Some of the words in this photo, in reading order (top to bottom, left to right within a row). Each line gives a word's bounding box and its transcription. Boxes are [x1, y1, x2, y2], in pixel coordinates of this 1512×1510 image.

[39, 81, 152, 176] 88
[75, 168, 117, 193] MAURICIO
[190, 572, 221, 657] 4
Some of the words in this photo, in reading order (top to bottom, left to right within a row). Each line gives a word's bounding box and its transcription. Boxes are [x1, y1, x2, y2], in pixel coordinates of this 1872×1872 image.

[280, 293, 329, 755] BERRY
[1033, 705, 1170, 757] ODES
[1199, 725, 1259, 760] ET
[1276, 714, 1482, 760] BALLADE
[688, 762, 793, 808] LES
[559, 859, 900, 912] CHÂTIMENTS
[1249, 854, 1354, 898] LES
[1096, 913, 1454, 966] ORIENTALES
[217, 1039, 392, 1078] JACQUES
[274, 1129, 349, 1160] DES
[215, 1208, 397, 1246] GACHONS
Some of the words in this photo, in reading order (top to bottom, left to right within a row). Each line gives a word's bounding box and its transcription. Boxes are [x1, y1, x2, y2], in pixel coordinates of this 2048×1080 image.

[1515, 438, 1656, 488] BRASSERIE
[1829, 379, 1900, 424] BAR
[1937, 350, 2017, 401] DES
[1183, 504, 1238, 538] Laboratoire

● What is being asked:
Repeat the material above precisely.

● Problem solution:
Some of the words in this photo, in reading order (top to bottom, left to right within a row). Each line gives a word's bounding box and its transcription. Boxes are [x1, y1, x2, y2], in pixel coordinates of this 1512×1510 image.

[39, 81, 152, 176] 88
[75, 168, 117, 193] MAURICIO
[190, 572, 221, 657] 4
Some of the words in this photo, in reading order (top to bottom, left to right within a row). Each line gives a word's bounding box and its transcription. Boxes are [x1, y1, x2, y2], in pixel coordinates of this 1872×1872 image.

[280, 293, 329, 755] BERRY
[1033, 705, 1170, 757] ODES
[1199, 725, 1259, 760] ET
[1276, 714, 1482, 760] BALLADE
[688, 762, 793, 808] LES
[559, 859, 900, 912] CHÂTIMENTS
[1249, 854, 1354, 898] LES
[1096, 913, 1454, 966] ORIENTALES
[217, 1039, 392, 1078] JACQUES
[274, 1129, 349, 1160] DES
[215, 1208, 397, 1246] GACHONS
Some of the words in this photo, in reading order (top to bottom, left to right within a row). Each line gives a word's bounding box and its transcription. Boxes are [x1, y1, x2, y2], in pixel coordinates of this 2048×1080 image.

[1515, 438, 1656, 488] BRASSERIE
[1829, 379, 1900, 424] BAR
[1937, 350, 2017, 401] DES
[1183, 504, 1238, 538] Laboratoire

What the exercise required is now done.